Correspondência: Maria Letícia de Miranda Mati, Rua Ouro Preto, 1371 Santo Agostinho 30170-041 Belo
Horizonte MG
Maria
Letícia de Miranda Mati: mleticiamati@gmail.com
Adriana
Cristina de Oliveira: adrianacoliveira@gmail.com
Este
estudo é parte integrante da dissertação de mestrado intitulada “Reutilização
do detergente enzimático: avaliação do impacto da contaminação microbiana da
solução na efetividade da limpeza de aparelhos endoscópicos gastrointestinais”.
Resumo
Introdução: A reutilização do detergente
enzimático é uma prática utilizada no processamento dos endoscópios
gastrointestinais. Objetivo: Avaliar o impacto da contaminação
microbiana da solução de detergente enzimático, quando reutilizada, na limpeza
de gastroscópios. Métodos: Estudo transversal
realizado a partir da análise microbiológica de endoscópios e da solução de
detergente enzimático utilizada na limpeza destes equipamentos. As alíquotas
coletadas a partir dos aparelhos e da solução enzimática foram homogeneizadas,
filtradas em membrana Millipore® 0,45 µm e as membranas, sobrepostas em meio de
cultura Ágar Tríptico de Soja. Procedeu-se a análise quantitativa e a
identificação presuntiva dos microrganismos, por meio de métodos
bioquímico-fisiológico. Resultados: Análise da solução enzimática
identificou carga microbiana após o primeiro e terceiro uso de 152 UFC/ml e 315
UFC/ml respectivamente. Nos canais do aparelho imerso no terceiro uso do
detergente enzimático, a contaminação microbiana aumentou quando comparada
àquela após uso clínico. Pseudomonas spp. foi recuperada em todos os canais
após imersão na solução enzimática, mesmo naqueles em que não havia sido
identificada antes da imersão. Conclusão: Este estudo reforça o risco do
reuso do detergente enzimático, uma vez que há possibilidade do aumento da
carga microbiana e da contaminação dos dispositivos com microrganismos que
anteriormente não haviam sido recuperados.

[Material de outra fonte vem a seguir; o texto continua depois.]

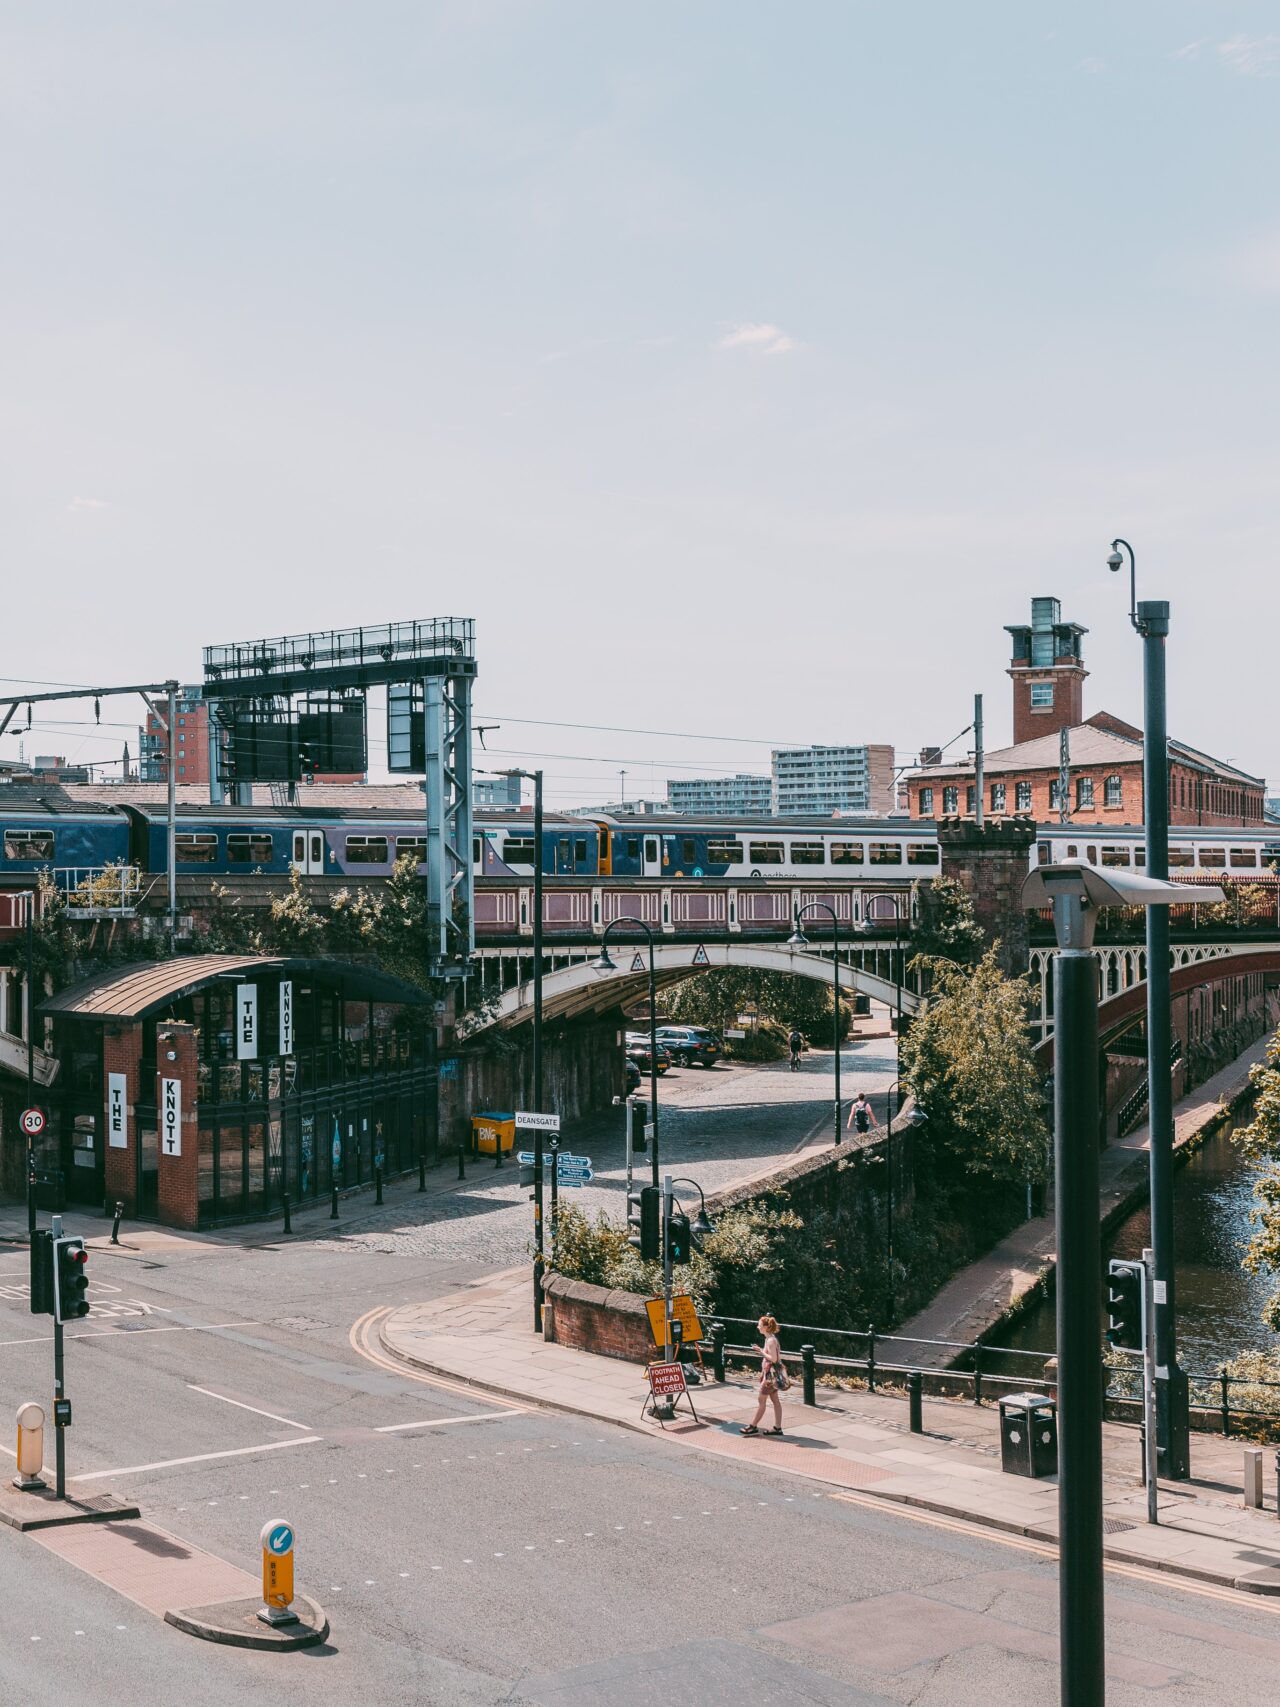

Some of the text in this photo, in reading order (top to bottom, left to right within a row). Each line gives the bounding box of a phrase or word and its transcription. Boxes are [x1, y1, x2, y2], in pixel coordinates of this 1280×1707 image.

Palavras-chave: segurança do paciente; endoscópios;
detergentes; saneantes; controle de infecção.
Abstract
Reuse of enzymatic detergent: evaluation of the impact of microbial
contamination on gastroscopes cleaning
Introduction: The reuse of enzymatic detergent is a practice used
in the processing of gastrointestinal endoscopes. Objective: To evaluate
the impact of microbial contamination of the enzymatic detergent solution, when
reused, on the gastroscope cleaning. Methods: Cross-sectional study carried out
from the microbiological analysis of endoscopes and the enzymatic detergent
solution used to clean this equipment. The aliquots collected from the
apparatus and the enzyme solution were homogenized, subjected to Millipore®
0.45 µm membrane filtration and the membranes were superimposed on Soy Triptych
Agar culture medium. Quantitative analysis and presumptive identification of
microorganisms was carried out using biochemical-physiological methods. Results:
The analysis of the enzymatic solution identified microbial load after the
first and third use of 152 CFU / ml and 315 CFU / ml respectively. In the
device channels immersed in the third use of the enzymatic detergent, microbial
contamination increased compared to that after clinical use. Pseudomonas spp.
it was recovered in all channels after immersion in the enzyme solution, even
in those in which it had not been identified before immersion. Conclusion:
This study reinforces the risk of reusing the enzymatic detergent, since there
is the possibility of an increase in the microbial load and contamination of
devices with microorganisms that had not previously been recovered.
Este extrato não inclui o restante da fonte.